Runway Gen-4.5 costs $0.15-$0.20 per second of generated video. A one-minute clip runs $9-$12. OpenAI confirmed Sora is shutting down in March 2026. Kling, Pika, and the rest charge $10-$30/month for limited credits that vanish fast if you’re doing real production work.

Meanwhile, open-source video models got good — genuinely, practically good. Wan 2.2 generates cinematic video from text prompts on an 8GB GPU. LTX-2.3 produces 4K video with synchronized audio under Apache 2.0. Both run entirely on your hardware, no API keys, no per-second billing, no uploading your prompts to someone else’s servers.

Here’s how to set up a complete local video generation studio this weekend.

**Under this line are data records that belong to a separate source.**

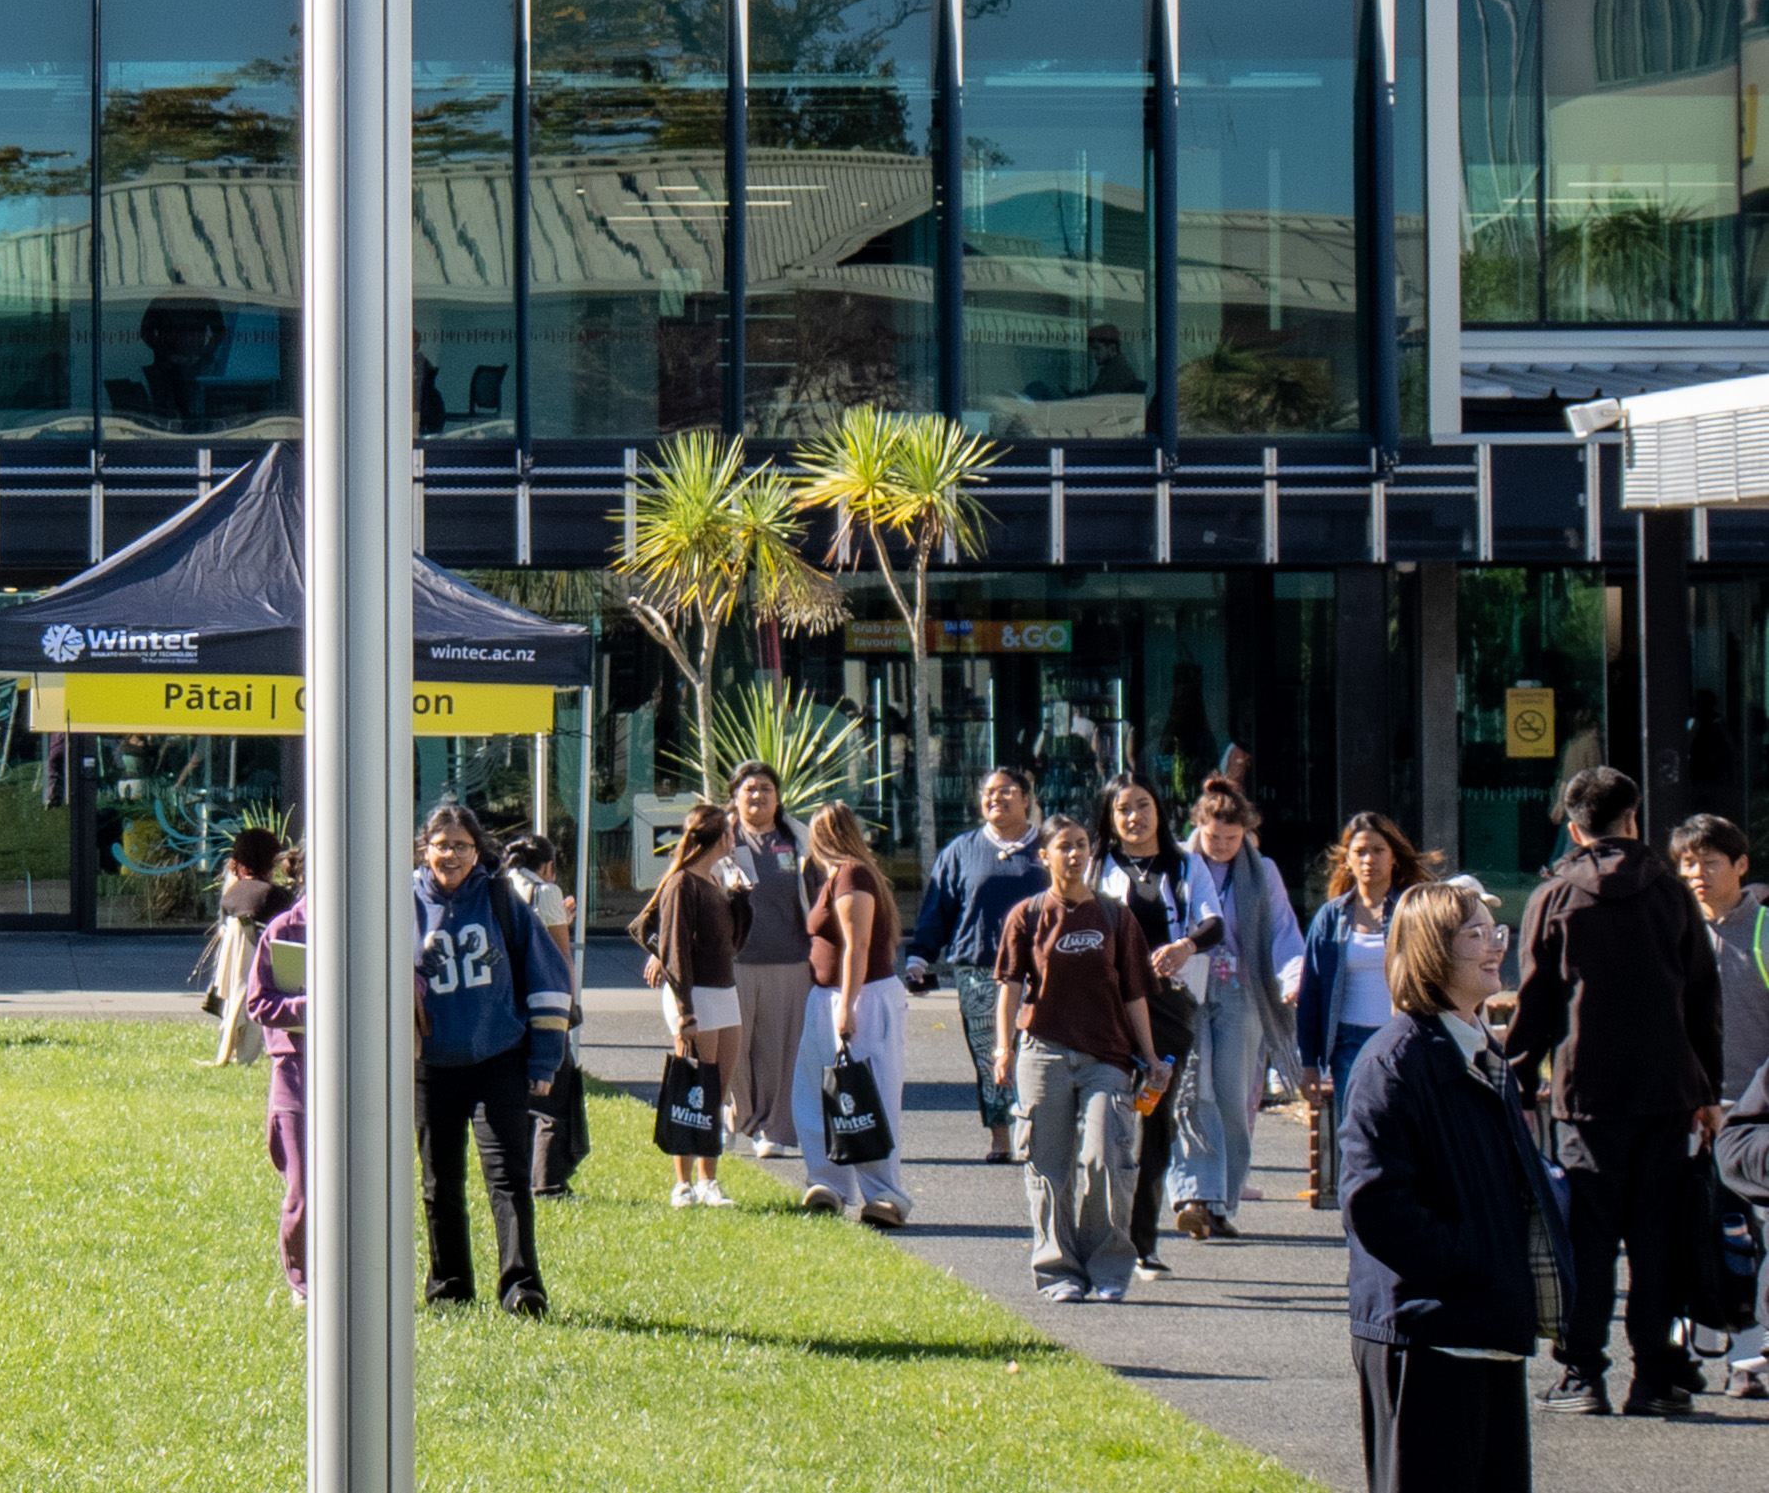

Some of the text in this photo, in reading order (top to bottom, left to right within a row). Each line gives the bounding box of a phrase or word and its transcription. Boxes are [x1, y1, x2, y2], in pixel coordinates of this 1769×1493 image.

[851, 622, 881, 634] Grab
[1002, 624, 1068, 648] &GO
[86, 629, 200, 650] Wintec
[431, 644, 536, 662] wintec.ac.nz
[164, 682, 252, 710] Pātai
[671, 1104, 713, 1127] Wintec
[833, 1112, 876, 1130] Wntec
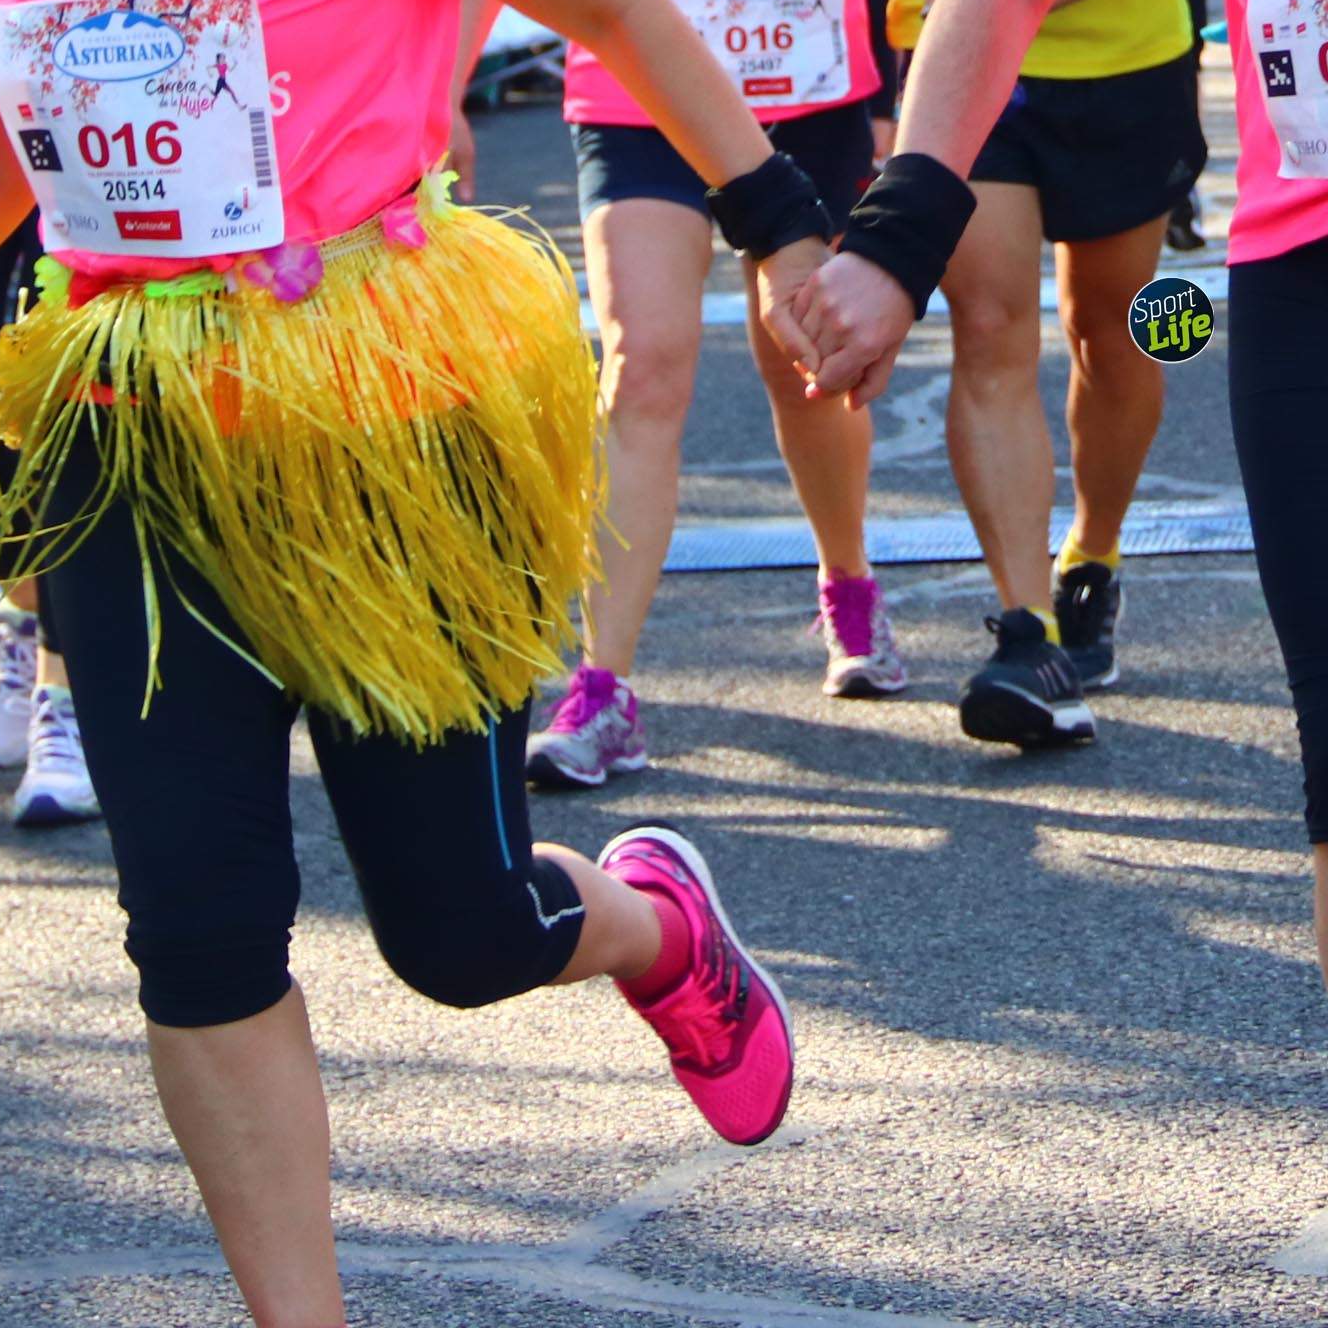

What You’re Choosing Between

Three open-source models dominate local video generation right now. Each has a different sweet spot.

Wan 2.2 (Alibaba) — The quality leader. Uses a Mixture-of-Experts architecture with 27B total parameters but only 14B active per step, keeping VRAM reasonable. Two specialized experts handle different denoising stages: one for layout, one for detail. Supports text-to-video, image-to-video, and video editing. The 1.3B light version runs on 8GB VRAM.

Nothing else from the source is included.